- Developer: EA Canada
- Publisher: EA Sports
- Series: UEFA Champions League
- Platforms: Microsoft Windows PlayStation 2 PlayStation Portable Xbox 360
- Release: Microsoft Windows EU: 22 March 2007; PlayStation 2, PlayStation Portable, Xbox 360 NA: 20 March 2007; EU: 23 March 2007;
- Genre: Sports
- Modes: Single-player, Multiplayer

= UEFA Champions League 2006–2007 (video game) =

2007 video game

UEFA Champions League 2006–2007 is the official video game of the 2006–07 season of the UEFA Champions League. Developed by EA Canada, it is published by Electronic Arts worldwide under the EA Sports label. It was released on 20 March 2007 in North America, 22 March in Australia, and 23 March in Europe.
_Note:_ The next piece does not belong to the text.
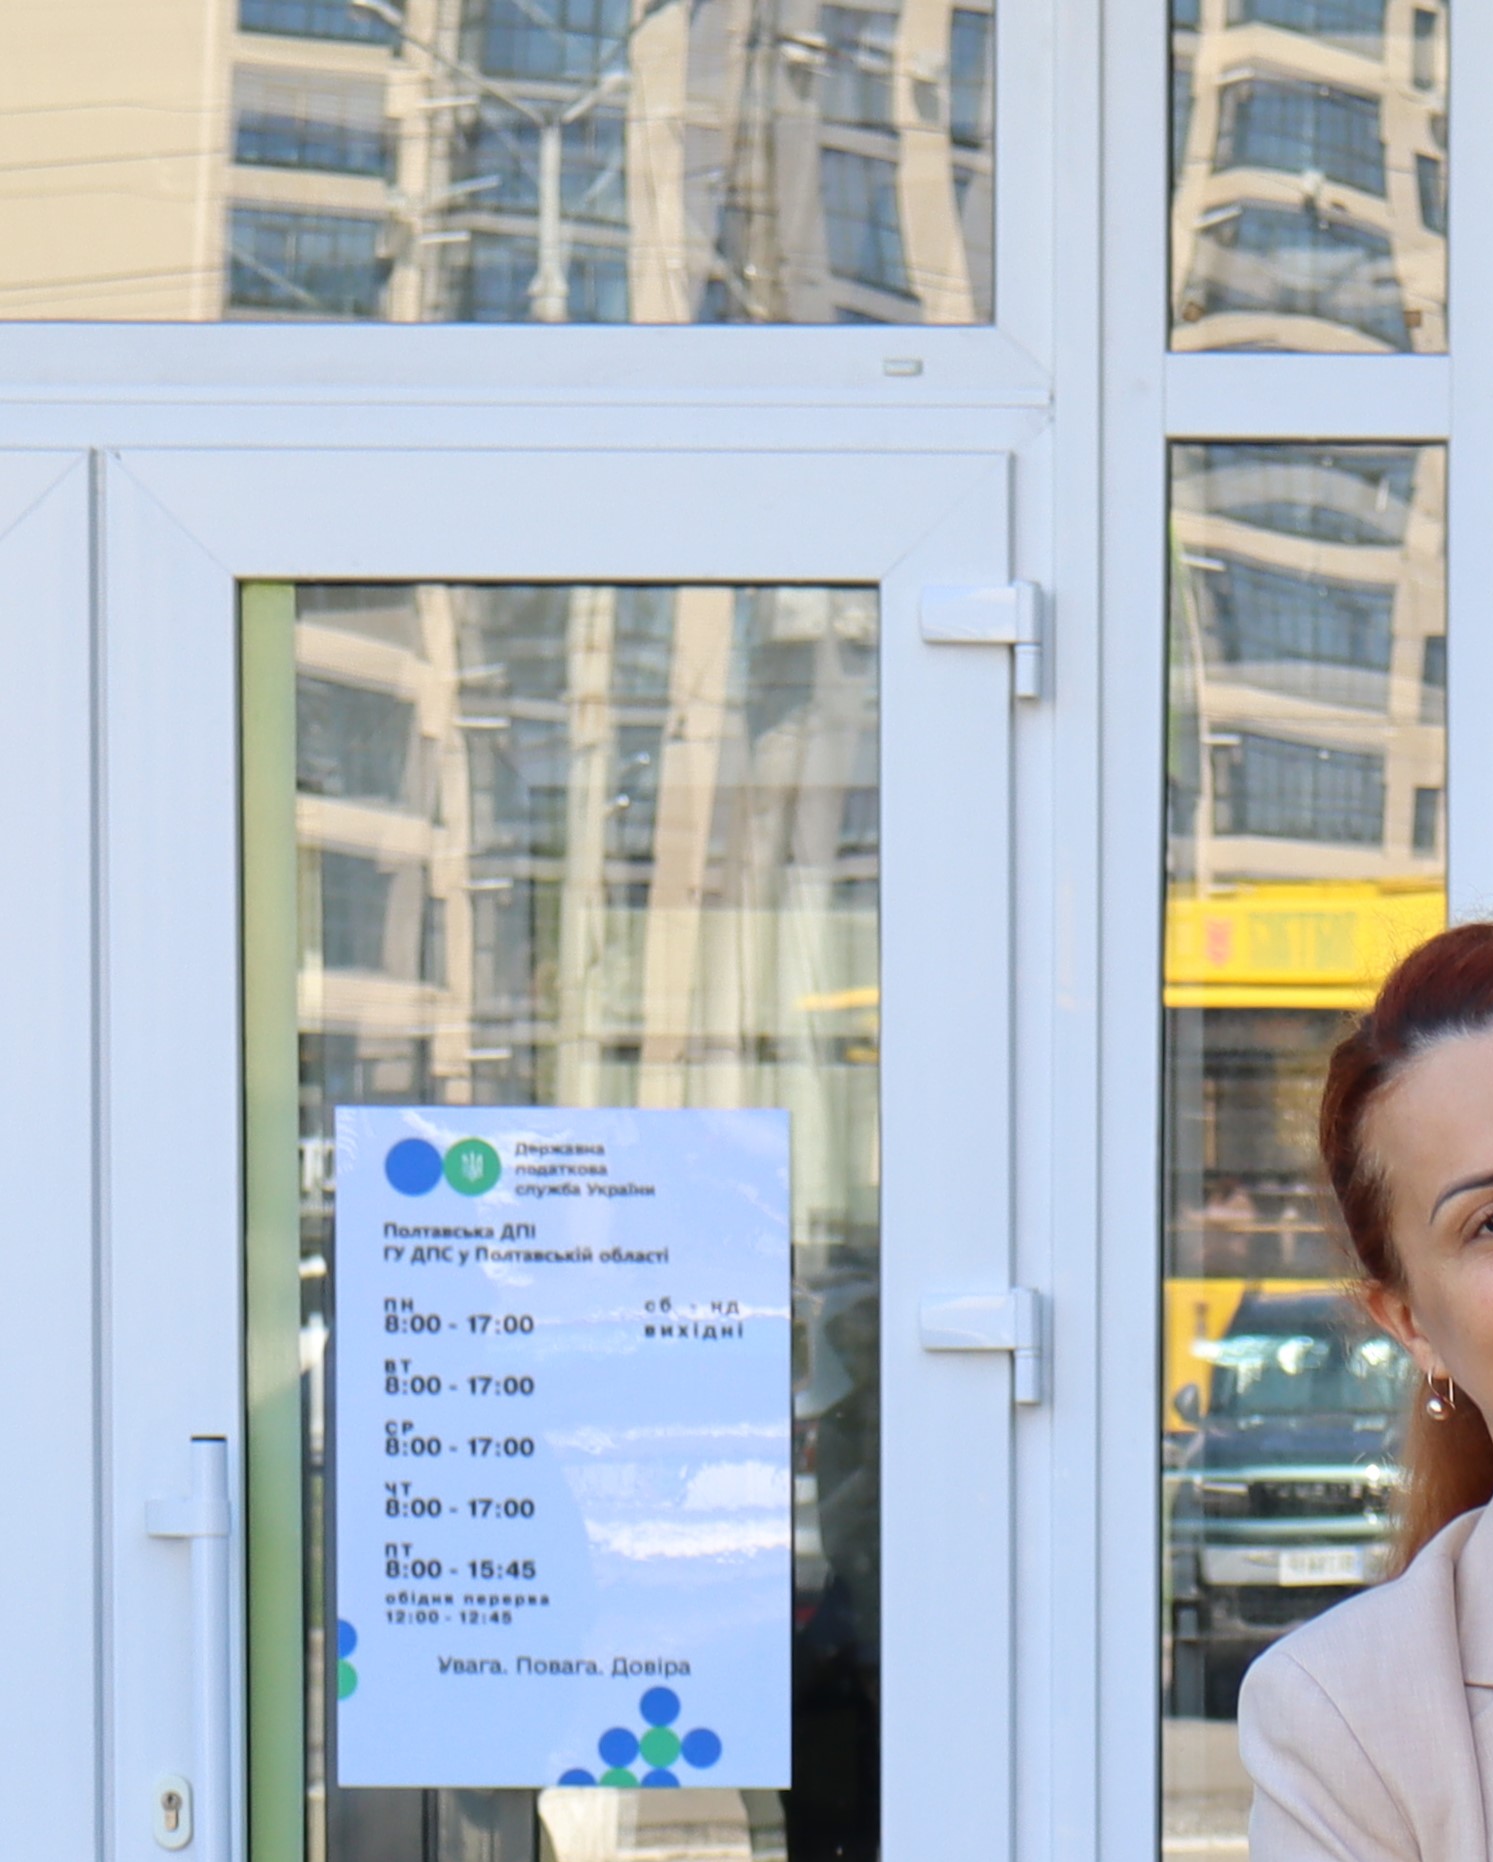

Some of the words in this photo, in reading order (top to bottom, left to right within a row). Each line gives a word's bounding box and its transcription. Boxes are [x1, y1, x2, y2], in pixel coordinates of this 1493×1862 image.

This was the last game by EA Sports to include the Champions League until FIFA 19 over eleven years later. Konami held the Champions League license in the interim, with the competition featuring in all its Pro Evolution Soccer games from Pro Evolution Soccer 2009 to Pro Evolution Soccer 2018.

==Overview==
UEFA Champions League 2006–2007 was developed with the same engine used in FIFA 07, with slight graphical and gameplay adjustments, as well as the option to play a new manager mode named The Treble. The in-game commentators are Clive Tyldesley and Andy Townsend. Ultimate Team was introduced for the first time on the Xbox 360 version.